== AVAILABLE RECORDS ==

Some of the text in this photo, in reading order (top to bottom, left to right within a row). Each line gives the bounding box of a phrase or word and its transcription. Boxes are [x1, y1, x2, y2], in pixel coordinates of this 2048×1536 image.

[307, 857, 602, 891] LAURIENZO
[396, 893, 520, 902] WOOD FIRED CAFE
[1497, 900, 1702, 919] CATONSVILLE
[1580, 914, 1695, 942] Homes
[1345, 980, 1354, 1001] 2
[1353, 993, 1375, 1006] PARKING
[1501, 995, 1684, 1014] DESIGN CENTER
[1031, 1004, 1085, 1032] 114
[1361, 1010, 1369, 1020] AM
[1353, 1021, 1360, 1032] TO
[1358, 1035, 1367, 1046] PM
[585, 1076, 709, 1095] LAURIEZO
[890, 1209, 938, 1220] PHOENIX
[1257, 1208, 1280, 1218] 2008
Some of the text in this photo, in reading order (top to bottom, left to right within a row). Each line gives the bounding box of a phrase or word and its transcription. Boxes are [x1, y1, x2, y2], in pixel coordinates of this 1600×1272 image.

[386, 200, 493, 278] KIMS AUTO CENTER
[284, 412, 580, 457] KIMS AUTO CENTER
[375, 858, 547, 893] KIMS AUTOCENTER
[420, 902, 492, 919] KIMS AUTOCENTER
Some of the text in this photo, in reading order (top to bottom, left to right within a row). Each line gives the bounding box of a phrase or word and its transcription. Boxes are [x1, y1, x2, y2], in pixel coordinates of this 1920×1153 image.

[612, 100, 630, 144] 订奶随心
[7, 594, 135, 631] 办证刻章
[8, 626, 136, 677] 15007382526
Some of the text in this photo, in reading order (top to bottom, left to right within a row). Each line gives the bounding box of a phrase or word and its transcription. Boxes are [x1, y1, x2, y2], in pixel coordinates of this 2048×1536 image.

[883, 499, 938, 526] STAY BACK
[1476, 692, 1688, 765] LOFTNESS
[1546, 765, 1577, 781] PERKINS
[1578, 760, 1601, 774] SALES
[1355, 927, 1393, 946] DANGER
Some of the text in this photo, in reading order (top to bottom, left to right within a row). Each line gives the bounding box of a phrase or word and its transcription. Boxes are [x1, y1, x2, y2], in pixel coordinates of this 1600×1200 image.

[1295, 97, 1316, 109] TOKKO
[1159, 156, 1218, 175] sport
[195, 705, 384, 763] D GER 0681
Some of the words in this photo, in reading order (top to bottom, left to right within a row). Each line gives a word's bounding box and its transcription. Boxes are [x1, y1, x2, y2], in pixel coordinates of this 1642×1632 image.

===

Transcribe the records in full, so that each line reads exactly as before.

ANSWER FOR THIS EXERCISE →
Some of the text in this photo, in reading order (top to bottom, left to right within a row). Each line gives the bounding box of a phrase or word and its transcription. Boxes are [x1, y1, x2, y2], in pixel coordinates of this 2048×1536 image.

[307, 857, 602, 891] LAURIENZO
[396, 893, 520, 902] WOOD FIRED CAFE
[1497, 900, 1702, 919] CATONSVILLE
[1580, 914, 1695, 942] Homes
[1345, 980, 1354, 1001] 2
[1353, 993, 1375, 1006] PARKING
[1501, 995, 1684, 1014] DESIGN CENTER
[1031, 1004, 1085, 1032] 114
[1361, 1010, 1369, 1020] AM
[1353, 1021, 1360, 1032] TO
[1358, 1035, 1367, 1046] PM
[585, 1076, 709, 1095] LAURIEZO
[890, 1209, 938, 1220] PHOENIX
[1257, 1208, 1280, 1218] 2008
Some of the text in this photo, in reading order (top to bottom, left to right within a row). Each line gives the bounding box of a phrase or word and its transcription. Boxes are [x1, y1, x2, y2], in pixel coordinates of this 1600×1272 image.

[386, 200, 493, 278] KIMS AUTO CENTER
[284, 412, 580, 457] KIMS AUTO CENTER
[375, 858, 547, 893] KIMS AUTOCENTER
[420, 902, 492, 919] KIMS AUTOCENTER
Some of the text in this photo, in reading order (top to bottom, left to right within a row). Each line gives the bounding box of a phrase or word and its transcription. Boxes are [x1, y1, x2, y2], in pixel coordinates of this 1920×1153 image.

[612, 100, 630, 144] 订奶随心
[7, 594, 135, 631] 办证刻章
[8, 626, 136, 677] 15007382526
Some of the text in this photo, in reading order (top to bottom, left to right within a row). Each line gives the bounding box of a phrase or word and its transcription. Boxes are [x1, y1, x2, y2], in pixel coordinates of this 2048×1536 image.

[883, 499, 938, 526] STAY BACK
[1476, 692, 1688, 765] LOFTNESS
[1546, 765, 1577, 781] PERKINS
[1578, 760, 1601, 774] SALES
[1355, 927, 1393, 946] DANGER
Some of the text in this photo, in reading order (top to bottom, left to right within a row). Each line gives the bounding box of a phrase or word and its transcription. Boxes are [x1, y1, x2, y2], in pixel coordinates of this 1600×1200 image.

[1295, 97, 1316, 109] TOKKO
[1159, 156, 1218, 175] sport
[195, 705, 384, 763] D GER 0681
Some of the words in this photo, in reading order (top to bottom, left to right within a row). Each line gives a word's bounding box and its transcription. Boxes are [x1, y1, x2, y2], in pixel coordinates of this 1642×1632 image.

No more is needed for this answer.